• **About this task**
Nothing should be left out when you copy the entries below.

[Saved data entries]
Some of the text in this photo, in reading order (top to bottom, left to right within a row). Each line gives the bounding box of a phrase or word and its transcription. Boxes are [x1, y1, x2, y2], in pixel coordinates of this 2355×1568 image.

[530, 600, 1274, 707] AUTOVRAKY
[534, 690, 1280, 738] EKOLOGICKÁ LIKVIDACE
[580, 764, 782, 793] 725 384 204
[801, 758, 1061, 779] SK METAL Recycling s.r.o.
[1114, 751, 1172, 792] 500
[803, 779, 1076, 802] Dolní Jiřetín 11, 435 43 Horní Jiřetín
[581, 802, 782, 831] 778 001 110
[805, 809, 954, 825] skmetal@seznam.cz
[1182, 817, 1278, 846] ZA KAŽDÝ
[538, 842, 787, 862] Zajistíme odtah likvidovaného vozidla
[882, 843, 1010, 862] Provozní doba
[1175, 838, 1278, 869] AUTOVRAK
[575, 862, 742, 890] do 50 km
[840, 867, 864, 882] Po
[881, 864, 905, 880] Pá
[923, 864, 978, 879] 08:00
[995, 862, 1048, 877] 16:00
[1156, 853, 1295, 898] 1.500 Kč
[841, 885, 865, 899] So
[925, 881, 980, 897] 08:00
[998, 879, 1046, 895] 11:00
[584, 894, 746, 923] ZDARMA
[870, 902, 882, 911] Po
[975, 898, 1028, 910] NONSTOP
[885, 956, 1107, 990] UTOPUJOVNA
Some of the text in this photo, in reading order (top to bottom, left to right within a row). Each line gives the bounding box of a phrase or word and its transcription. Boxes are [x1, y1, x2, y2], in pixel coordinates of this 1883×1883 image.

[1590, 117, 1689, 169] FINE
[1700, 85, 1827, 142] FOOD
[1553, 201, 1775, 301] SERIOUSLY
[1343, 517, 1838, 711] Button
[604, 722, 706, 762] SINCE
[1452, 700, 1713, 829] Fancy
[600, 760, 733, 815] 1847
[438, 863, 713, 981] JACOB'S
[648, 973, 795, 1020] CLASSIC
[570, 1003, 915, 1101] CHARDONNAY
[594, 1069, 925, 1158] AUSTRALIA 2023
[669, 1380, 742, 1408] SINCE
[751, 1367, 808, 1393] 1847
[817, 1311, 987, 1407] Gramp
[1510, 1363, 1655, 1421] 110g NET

• **Written answer**
Some of the text in this photo, in reading order (top to bottom, left to right within a row). Each line gives the bounding box of a phrase or word and its transcription. Boxes are [x1, y1, x2, y2], in pixel coordinates of this 2355×1568 image.

[530, 600, 1274, 707] AUTOVRAKY
[534, 690, 1280, 738] EKOLOGICKÁ LIKVIDACE
[580, 764, 782, 793] 725 384 204
[801, 758, 1061, 779] SK METAL Recycling s.r.o.
[1114, 751, 1172, 792] 500
[803, 779, 1076, 802] Dolní Jiřetín 11, 435 43 Horní Jiřetín
[581, 802, 782, 831] 778 001 110
[805, 809, 954, 825] skmetal@seznam.cz
[1182, 817, 1278, 846] ZA KAŽDÝ
[538, 842, 787, 862] Zajistíme odtah likvidovaného vozidla
[882, 843, 1010, 862] Provozní doba
[1175, 838, 1278, 869] AUTOVRAK
[575, 862, 742, 890] do 50 km
[840, 867, 864, 882] Po
[881, 864, 905, 880] Pá
[923, 864, 978, 879] 08:00
[995, 862, 1048, 877] 16:00
[1156, 853, 1295, 898] 1.500 Kč
[841, 885, 865, 899] So
[925, 881, 980, 897] 08:00
[998, 879, 1046, 895] 11:00
[584, 894, 746, 923] ZDARMA
[870, 902, 882, 911] Po
[975, 898, 1028, 910] NONSTOP
[885, 956, 1107, 990] UTOPUJOVNA
Some of the text in this photo, in reading order (top to bottom, left to right within a row). Each line gives the bounding box of a phrase or word and its transcription. Boxes are [x1, y1, x2, y2], in pixel coordinates of this 1883×1883 image.

[1590, 117, 1689, 169] FINE
[1700, 85, 1827, 142] FOOD
[1553, 201, 1775, 301] SERIOUSLY
[1343, 517, 1838, 711] Button
[604, 722, 706, 762] SINCE
[1452, 700, 1713, 829] Fancy
[600, 760, 733, 815] 1847
[438, 863, 713, 981] JACOB'S
[648, 973, 795, 1020] CLASSIC
[570, 1003, 915, 1101] CHARDONNAY
[594, 1069, 925, 1158] AUSTRALIA 2023
[669, 1380, 742, 1408] SINCE
[751, 1367, 808, 1393] 1847
[817, 1311, 987, 1407] Gramp
[1510, 1363, 1655, 1421] 110g NET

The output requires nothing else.